By FRANCES GRANT
She has dubbed herself a "domestic goddess" and, let's make it clear, intends it ironically. Her show is part cookery, part household tips for the busy working person and part confessional.
Move over Jamie Oliver, Ainsley Harriott and Delia Smith. Nigella Lawson is the "It girl" of British telly cookery. Her second television show, Nigella Bites, starts here tonight.
So what is it about Nigella Lawson that British audiences - of both her television shows and her books - find so divine?
It surely can't be the food, at least not judging by tonight's opening episode. Called Fast Food, it comes across as comfort food in a minute, with some distinctly British twists.
The dishes - lemon linguine, salmon and mushy peas, tomato rice soup, grilled chicken breast and couscous, chocolate fudge pudding - are not particularly stunning and her kitchen routine, in this episode at least, appears rather harried and joyless.
So why are the British drooling over her? Let us count the ways.
She's a superwoman: She has an Oxford degree in modern languages, is a journalist, social affairs columnist (for the Times) and makeup columnist (the Observer), food writer, mother and wife, now celebrity widow. And she still finds time to cook dinner.

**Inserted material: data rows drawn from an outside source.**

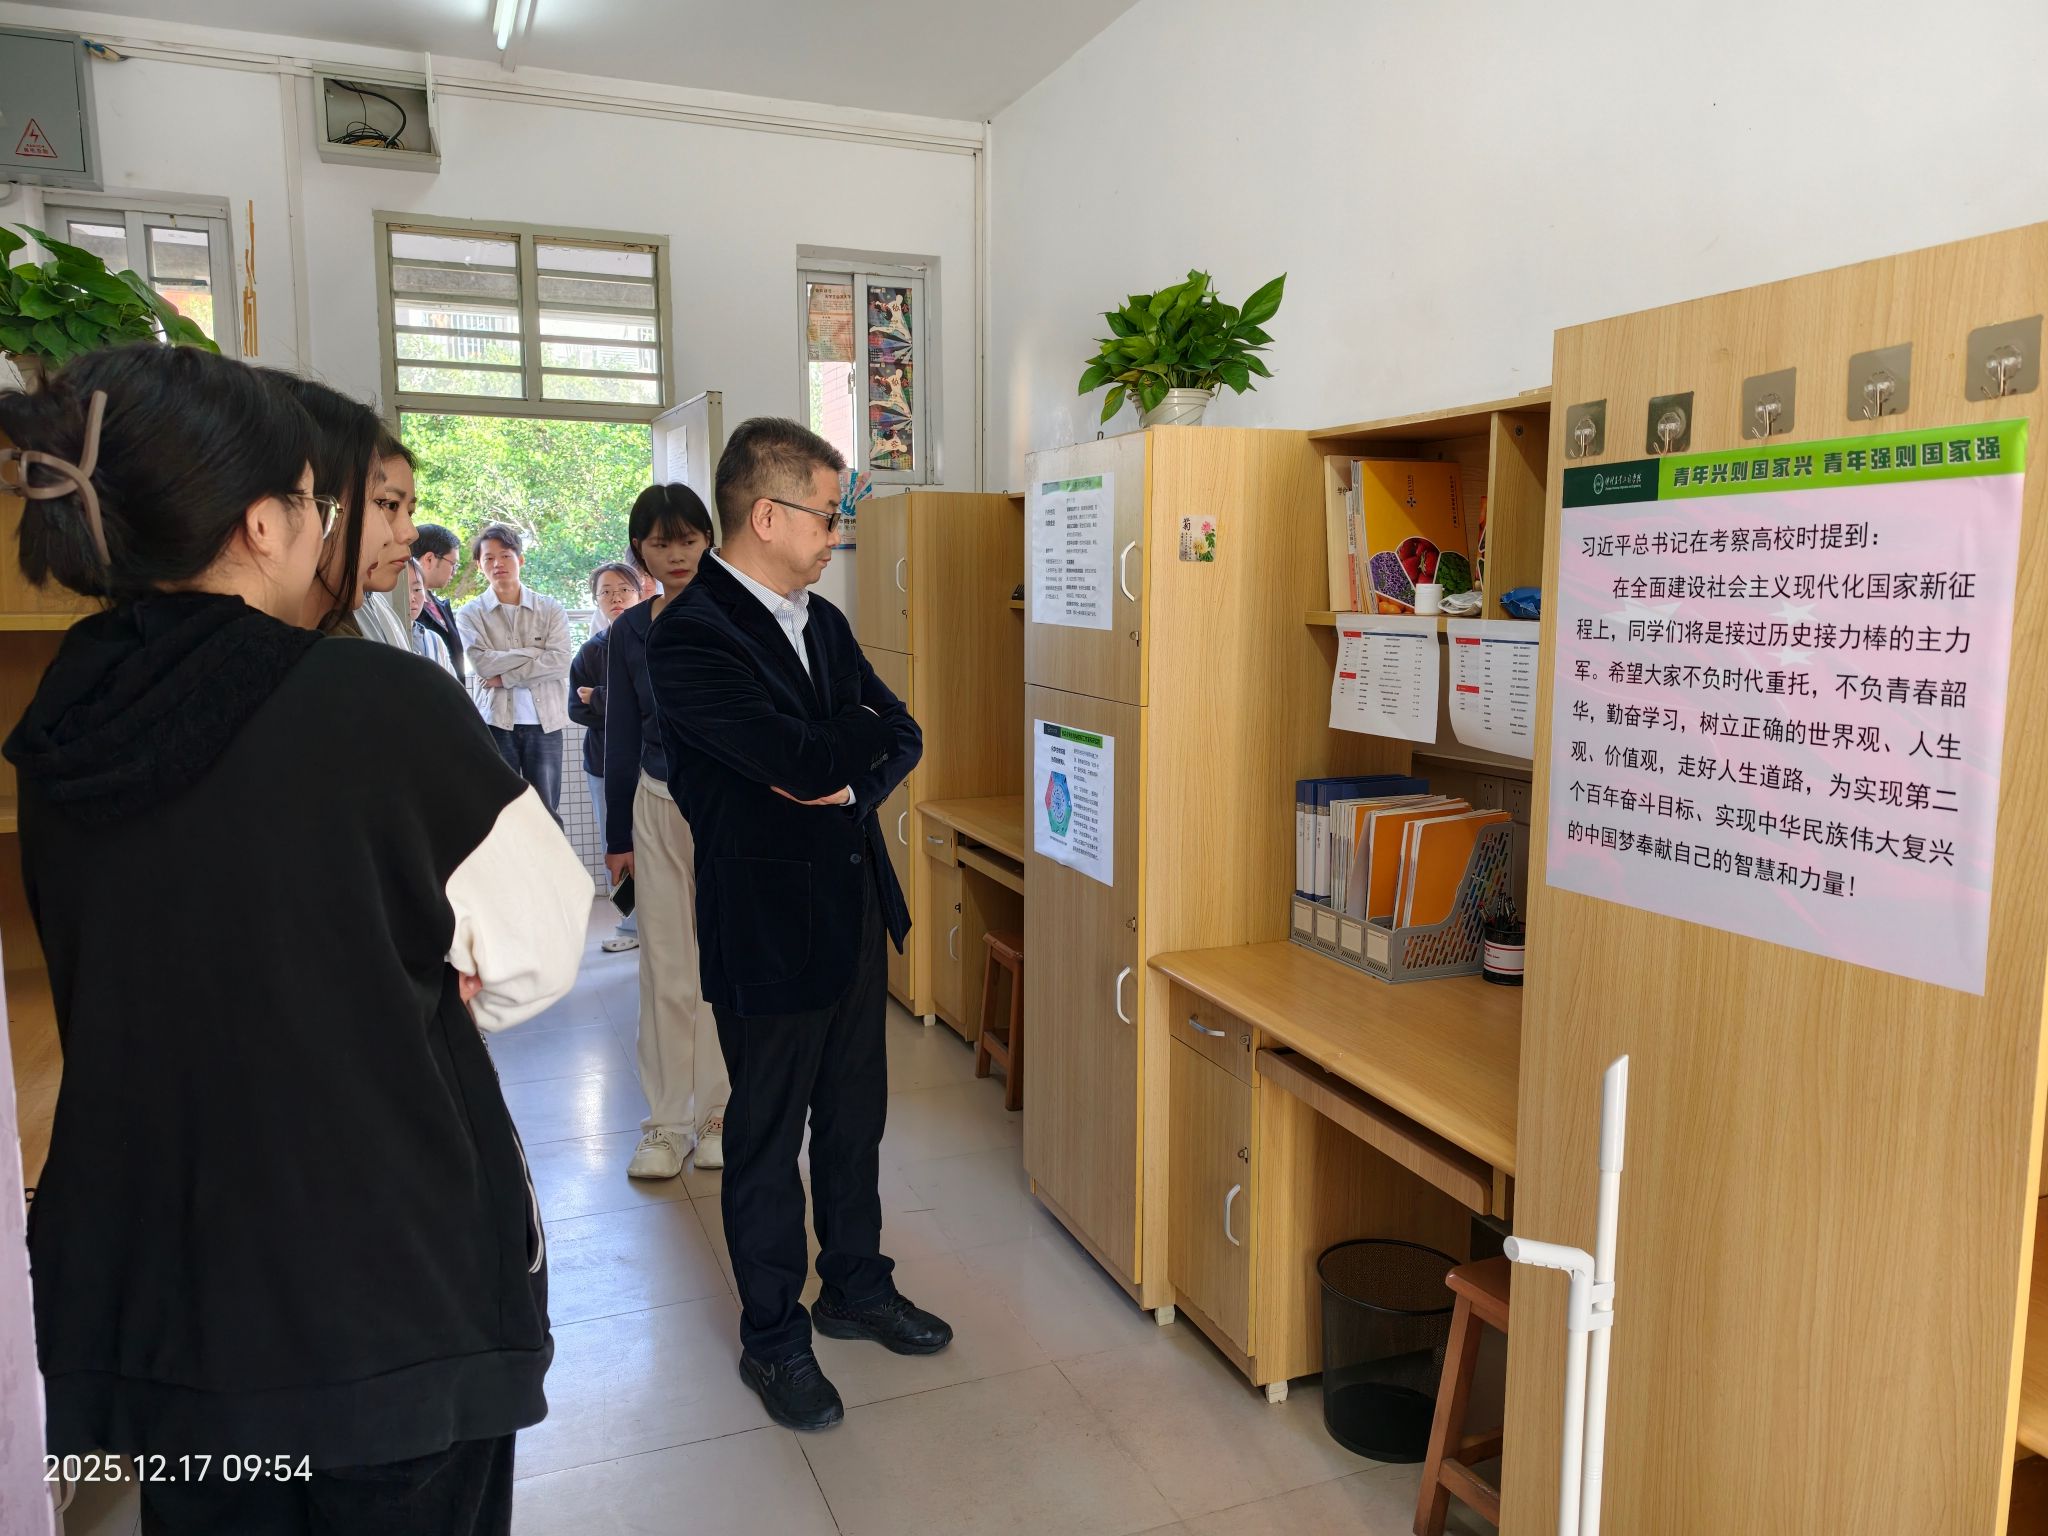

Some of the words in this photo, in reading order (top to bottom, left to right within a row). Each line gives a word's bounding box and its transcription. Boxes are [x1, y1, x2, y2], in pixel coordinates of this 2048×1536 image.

[1673, 454, 1813, 487] 青年兴则国家兴
[1822, 436, 2000, 474] 青年强则国家强
[1582, 521, 1878, 557] 习近平总书记在考察高校时提到：
[1612, 571, 1976, 600] 在全面建设社会主义现代化国家新征
[1576, 618, 1970, 653] 程上，同学们将是接过历史接力棒的主力
[1574, 660, 1967, 708] 军。希望大家不负时代重托，不负青春韶
[1572, 699, 1961, 760] 华，勤奋学习，树立正确的世界观、人生
[1571, 740, 1958, 812] 观、价值观，走好人生道路，为实现第二
[1569, 780, 1955, 867] 个百年奋斗目标、实现中华民族伟大复兴
[1568, 819, 1856, 897] 的中国梦奉献自己的智慧和力量！
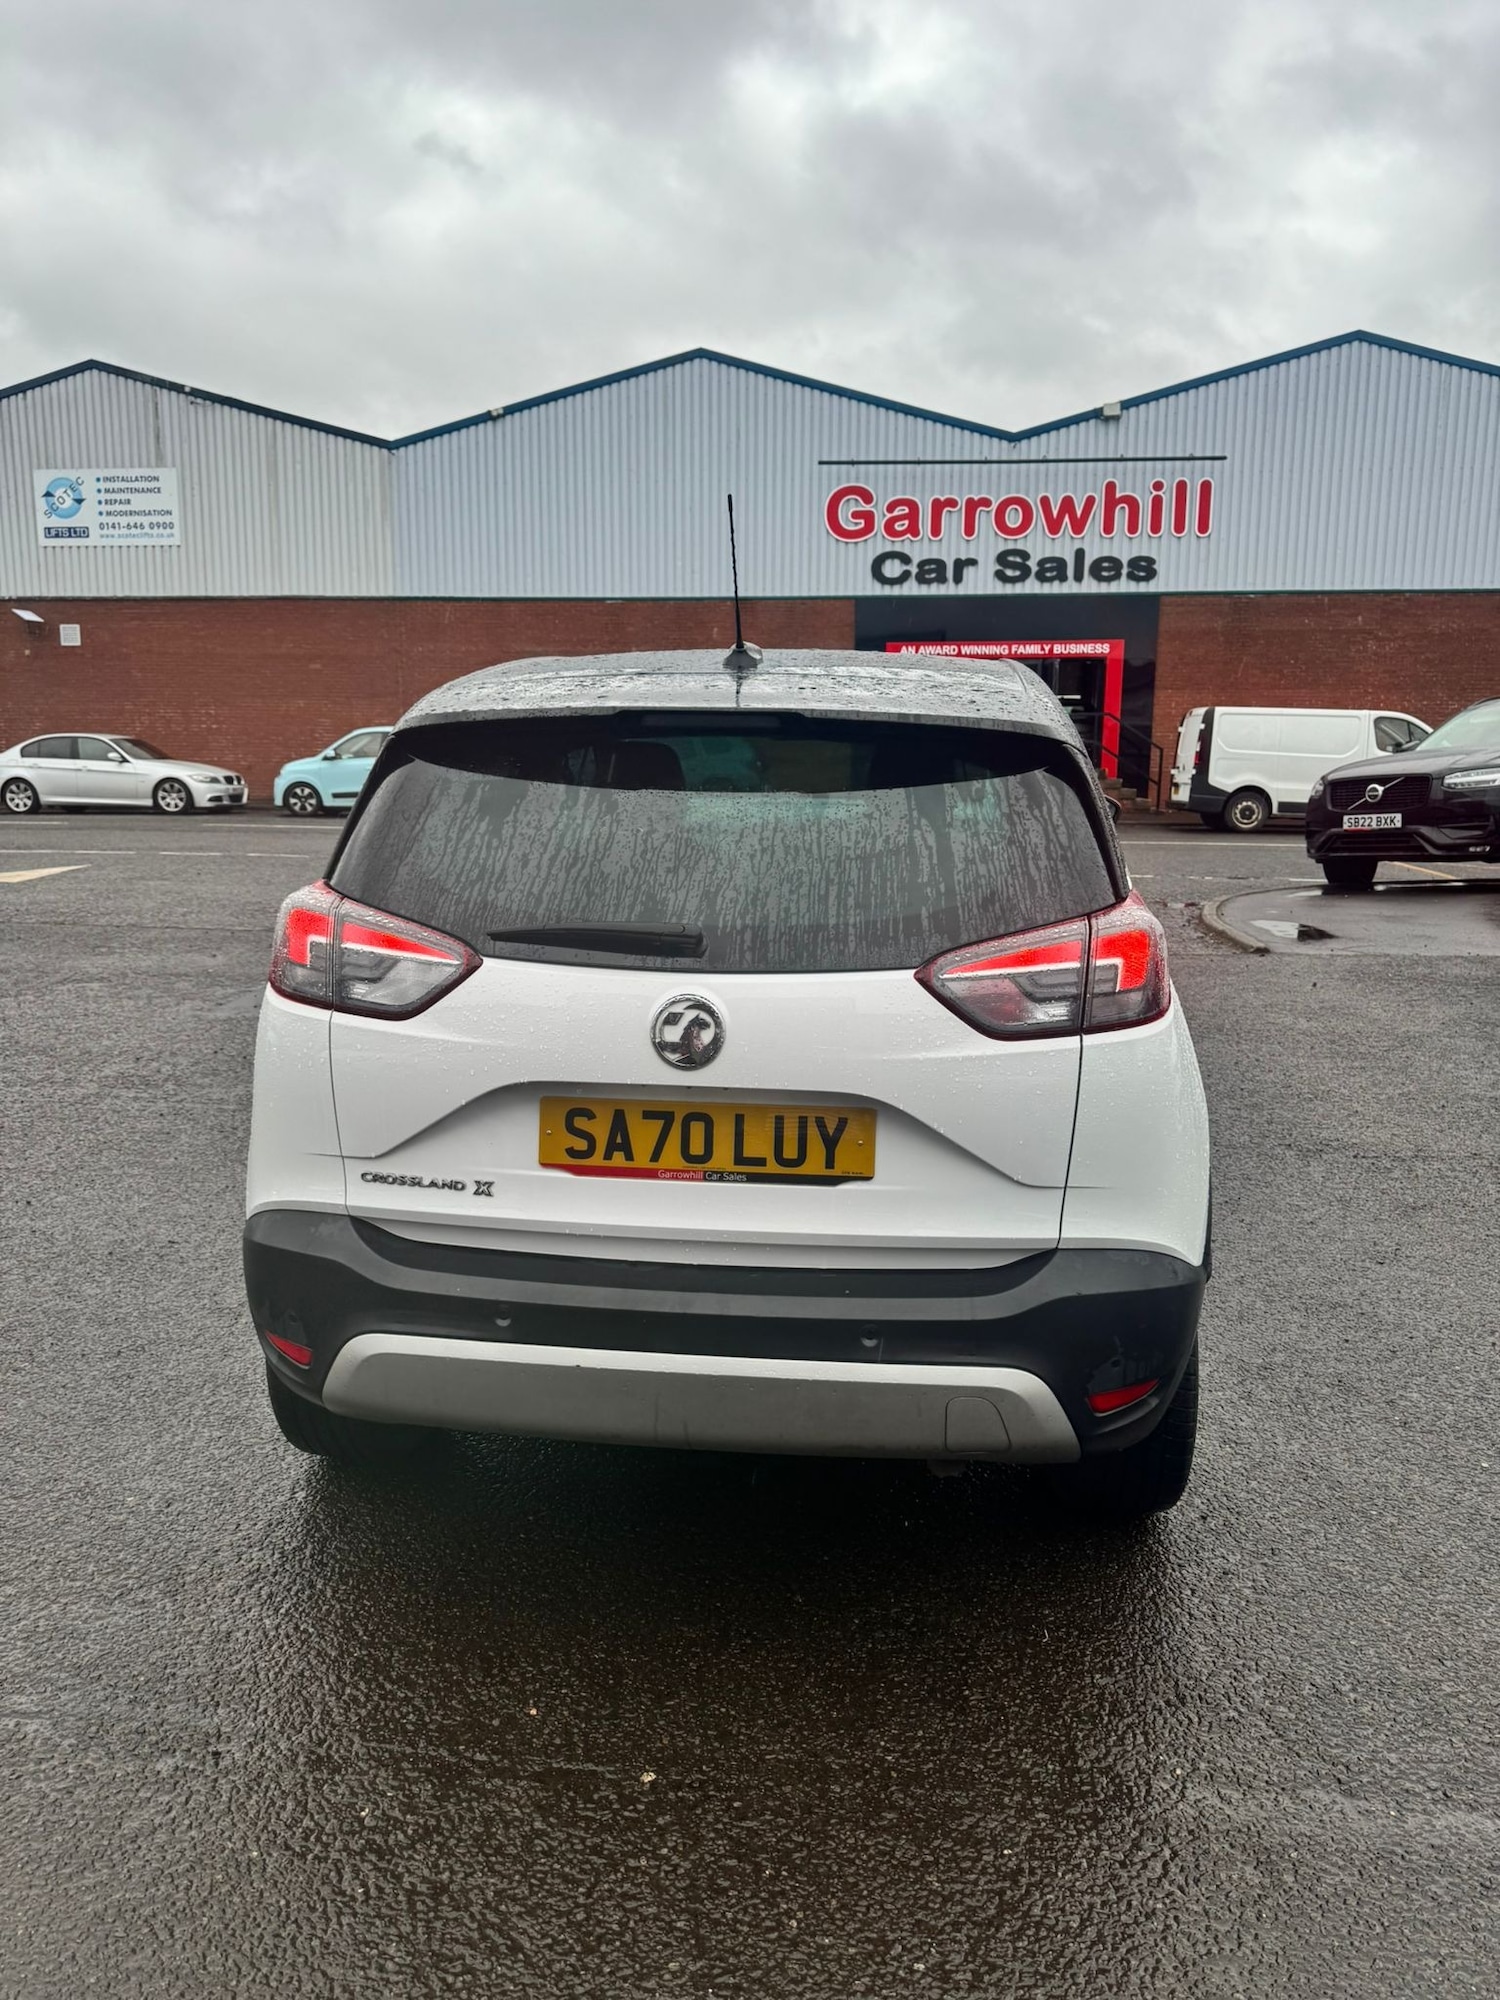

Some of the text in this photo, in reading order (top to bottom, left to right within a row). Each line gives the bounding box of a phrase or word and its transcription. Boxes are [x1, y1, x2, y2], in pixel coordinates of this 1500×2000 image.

Expect tonight's show to be interspersed with plenty of scenes of Lawson dropping the kids off to daycare and hard at work at one of her absolutely fabulous jobs as food editor of Vogue.
She's well-connected and rich: She is the daughter of an heiress and former (Tory) Chancellor of the Exchequer Nigel Lawson, the kind of man, obviously, who sees fit to give his daughter a feminine version of his own name.
For the record, her siblings were called Thomasina, Horatia and Dominic. Dominic is the editor of the Sunday Telegraph.
She's aspirational: While Nigella often pretends to be slumming it around the kitchen, sticking her fingers in the food and doing her own dishes, she has a distinctly plummy accent, a terribly tony London domicile and her two children are called Cosima and Bruno.
She inspires sympathy: Her husband, well-known journalist, broadcaster and author John Diamond, died of throat cancer this year. He documented his illness in an extremely candid and poignant series of columns in the Times.
Her mother and sister Thomasina have also died of cancer, prompting Lawson to describe herself as "Typhoid Mary" after the woman who was immune to the disease but gave it to everyone she met.
She maintains a stiff upper lip: Despite her misfortunes, Lawson bravely soldiers on, deriding press reaction to her husband's death as "nauseatingly sentimental".
"Seeing people die young has made me realise you don't spend time moping," she told the Radio Times.
She's got sex appeal: In a survey she was voted the "third-most beautiful woman in the world, behind Catherine Zeta Jones and one of The Corrs". Internet admirers talk enthusiastically of her beauty, her figure and the pleasure of watching her put food in her mouth - an attitude encouraged by her publicity shots.
She's got transsexual appeal: Her husband, says Lawson, once said she was a "gay man trapped in a woman's body" and she is keen to emphasise there is a camp side to her character, although it's terribly subtle by Hero Parade standards.
This extract from a review of her own book in the Guardian is possibly an example of her camp sense of humour: "I know that many of you may not have time for the table-laden breakfast, but even the sluttiest person can whip up muffins for 12. Just make the nanny get up at 5.30 am ... get that nice little barman I once met in Hong Kong to make you a few Bloody Marys to wash it all down."
She's self-deprecating: She claims to be frightfully embarrassed by the beauty survey. "Oh God, what about my eye bags?" she lamented in an interview in the Guardian. "When we went on holiday, the woman who owned the villa we rented said, 'But I was told you were beautiful.' It must be the worry."
She has an unashamed appetite: She claims to love her food and to be inspired by sheer greed. To prove the point, she is filmed raiding the fridge for a midnight snack, and other highly contrived moments. She still will equal only about a third of one Fat Lady, however.
She uses stock cubes: Lawson uses these with relish, along with frozen peas, and many other supermarket-bought prepared products.
There's no room for food snobbery in her kitchen. Fellow British food writer Nigel Slater has dubbed her, "queen of the frozen pea".
And what would a telly cook be without a catchphrase? Lawson's appears to be a finger-licking "yum, yum, yum".